Das Bundeskabinett hat am 4. 11. den Regierungsentwurf des Kulturgutschutzgesetzes verabschiedet. Damit nimmt das von seinen Schöpfern sorgfältig getarnte Trojanische Pferd mit dem wohlklingenden Namen "Kulturgutschutzgesetz" seinen Weg in den Bundestag. Es bleibt zu hoffen, dass dieses Enteignungsgesetz im Bundestag als solches erkannt und entlarvt wird. Es wird weder dem privaten Sammeln, noch den Naturwissenschaften, noch dem Handel gerecht. Das Gesetz würde in seiner jetzigen Form Verheerungen für das kulturelle Leben in Deutschland anrichten, wie es sie in der Historie der Bundesrepublik noch nicht gegeben hat - man muss geschichtlich etwas weiter zurückdenken, um Entsprechungen zu finden.

 

Der Inhalt des Gesetzestextes hat sich gegenüber dem Referentenentwurf vom 14.09.2015 stellenweise nochmals extrem verschärft. Kein Verband wurde zur Sachgerechtigkeit dieser erst nach dem Regierungsbeschluss bekannt gewordenen ungeahnten Verschärfungen befragt.

 

Wer ein "Kulturgut" ohne Ausfuhrgenehmigung oder geeignete Unterlagen aus dem Ausland nach Deutschland einführt, dem drohen (unabhängig vom Recht des Herkunftsstaates) in Deutschland nun nicht nur die Beschlagnahme, sondern darüber hinaus auch noch bis zu 100 000 Euro Bußgeld, wenn er keine Ausfuhrgenehmigung oder andere geeignete Unterlagen zum Beweis der Legalität bei der Einfuhr vorlegen kann.

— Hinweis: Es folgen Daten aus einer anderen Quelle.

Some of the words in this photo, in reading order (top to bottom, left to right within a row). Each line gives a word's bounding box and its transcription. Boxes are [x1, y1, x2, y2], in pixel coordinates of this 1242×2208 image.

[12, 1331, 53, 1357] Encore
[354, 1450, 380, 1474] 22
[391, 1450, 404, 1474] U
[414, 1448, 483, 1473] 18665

Das gilt einheitlich für vom Islamischen Staat raubgegrabene und von kriminellen Banden nach Europa gebrachte Kulturgüter, wie für ein von einem Privatsammler oder Wissenschaftler im Ausland gekauftes oder ein im Urlaub selbst gefundenes Fossil. (Wo soll man sich denn bitte die Ausfuhr für letzteres genehmigen lassen?)

 

Dies ergibt sich aus § 2 Abs. 1 Nr. 9 in Verbindung mit § 30 mit dem massiv verschärften und ausgedehnten § 84:

 

Zitat aus § 2 Abs. 1 Nr. 9 (Regierungsentwurf):

„Kulturgut“ [ist]  jede  bewegliche  Sache  oder  Sachgesamtheit von  künstlerischem,  geschichtlichem  oder  archäologischem Wert oder aus anderen Bereichen des  kulturellen  Erbes, insbesondere  von  paläontologischem,  ethnographischem,  numismatischem oder wissenschaftlichem Wert"

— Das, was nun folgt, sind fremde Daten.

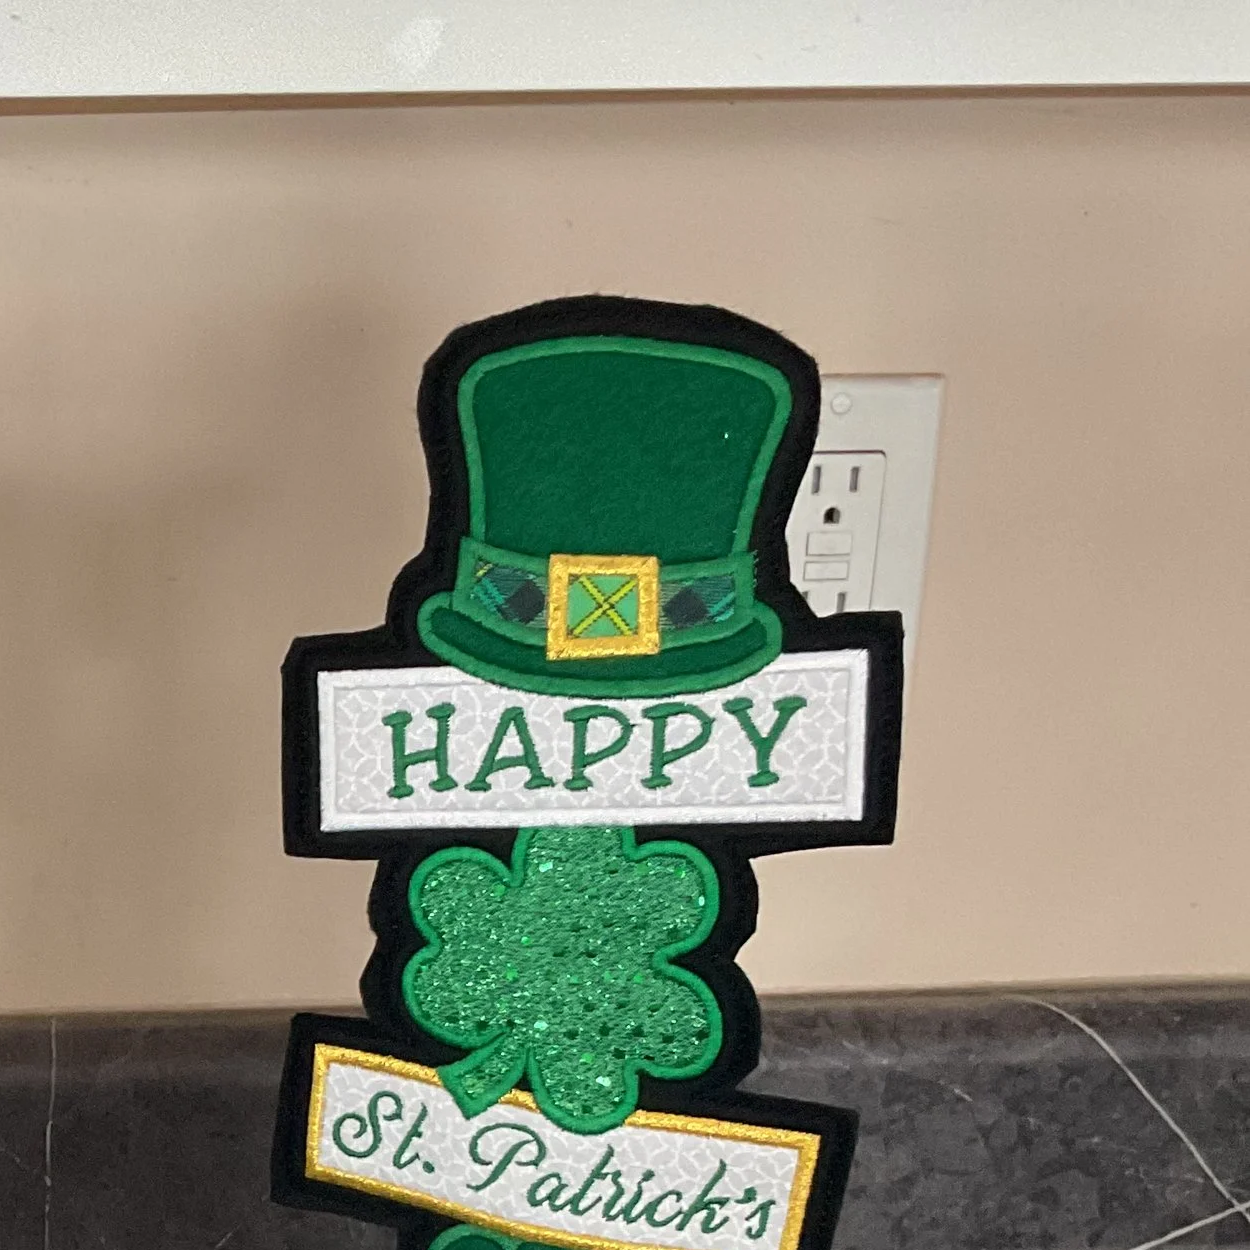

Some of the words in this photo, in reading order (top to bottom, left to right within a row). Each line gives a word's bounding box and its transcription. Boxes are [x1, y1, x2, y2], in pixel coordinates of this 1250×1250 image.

[382, 696, 807, 798] HAPPY
[332, 1091, 435, 1174] St.
[466, 1123, 777, 1241] Patrick's
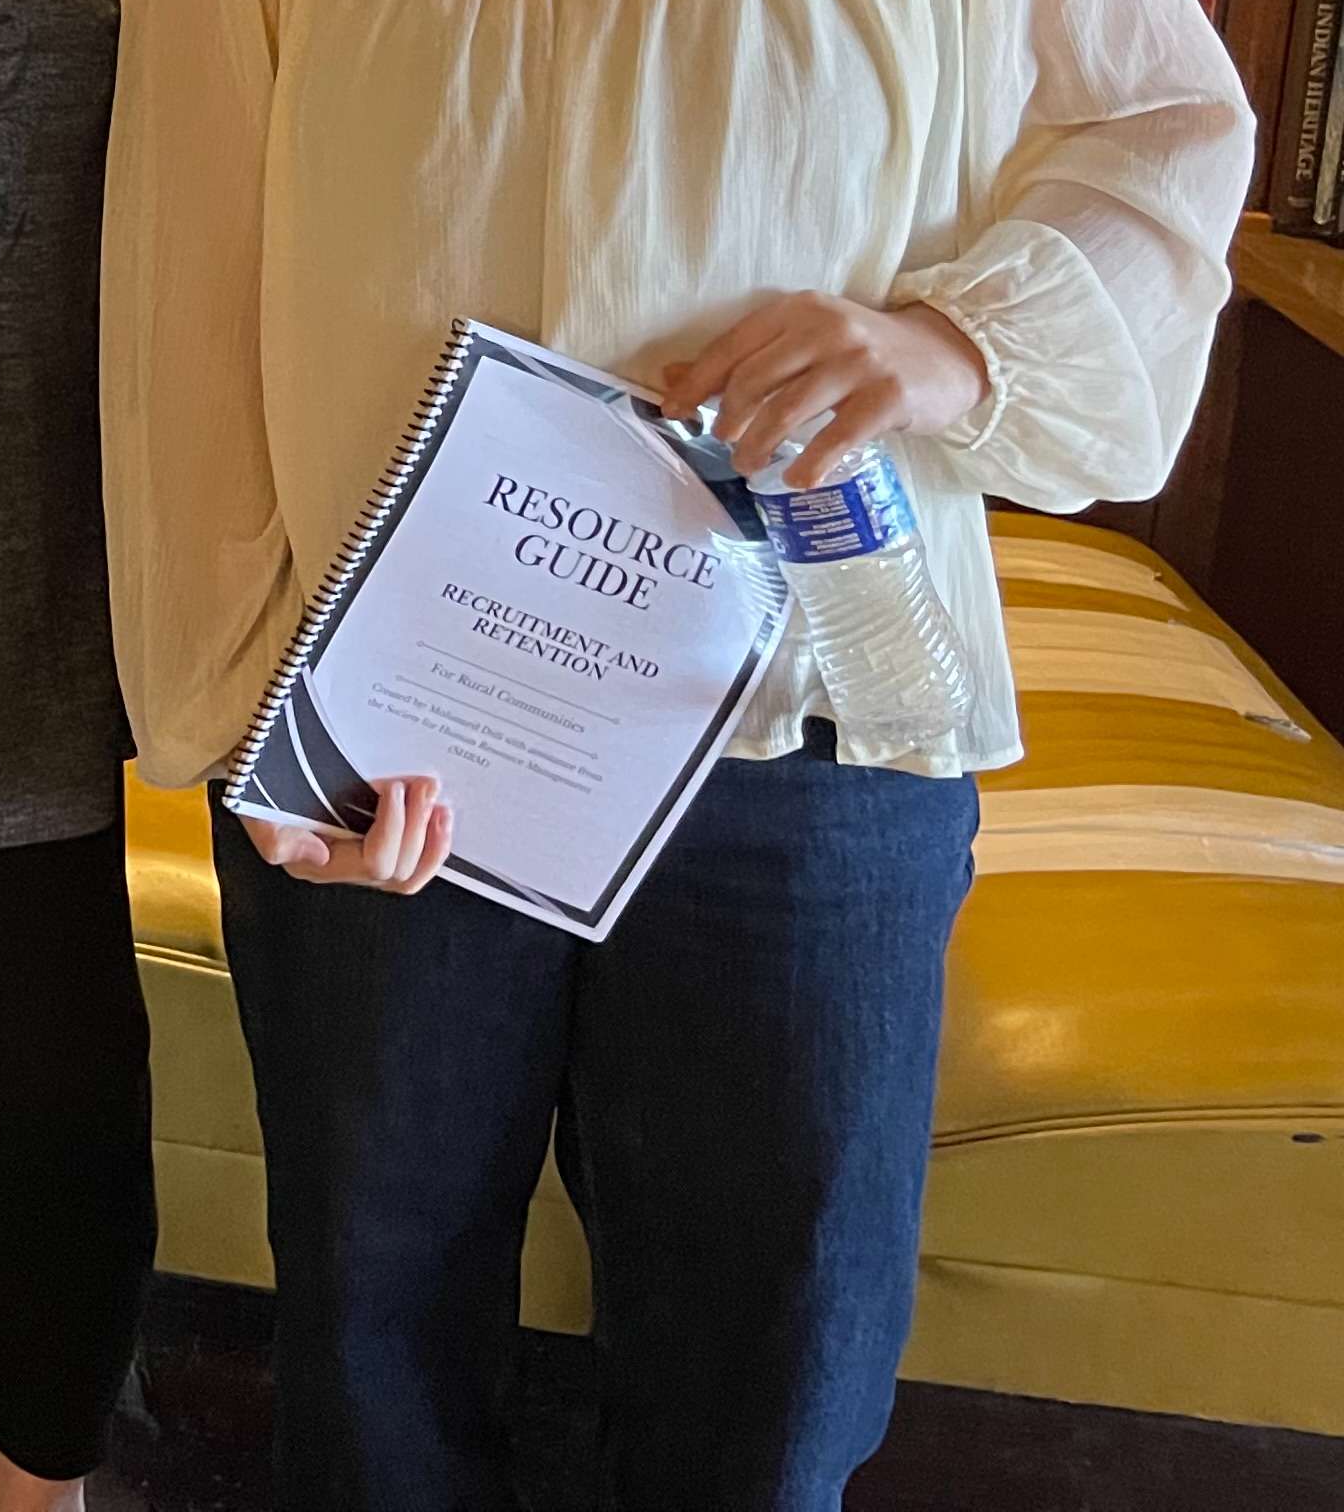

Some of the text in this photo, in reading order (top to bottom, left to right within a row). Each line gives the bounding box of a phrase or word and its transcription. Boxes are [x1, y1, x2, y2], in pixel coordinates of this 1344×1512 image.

[1309, 2, 1335, 78] INDIAN
[1295, 80, 1325, 182] HERITAGE
[483, 472, 721, 590] RESOURCE
[514, 534, 658, 611] GUIDE
[440, 582, 659, 680] RECRUITMENT AND
[472, 617, 610, 681] RETENTION
[430, 663, 455, 680] For
[457, 672, 497, 697] Rural
[497, 688, 585, 735] Communities

Zitat aus § 30 (Regierungsentwurf):

"Wer Kulturgut einführt, hat geeignete Unterlagen mitzuführen, mit denen die rechtmäßige
Einfuhr nachgewiesen werden kann. Geeignete Unterlagen sind insbesondere
Ausfuhrgenehmigungen des Herkunftsstaates, sofern sie nach dem Recht des jeweiligen
Herkunftsstaates erforderlich sind."

Zitat aus § 84 Abs. 2 Nr. 1 (Regierungsentwurf):

"Ordnungswidrig handelt, wer vorsätzlich oder fahrlässig entgegen § 30 Satz 1 eine dort genannte Unterlage nicht mitführt[...].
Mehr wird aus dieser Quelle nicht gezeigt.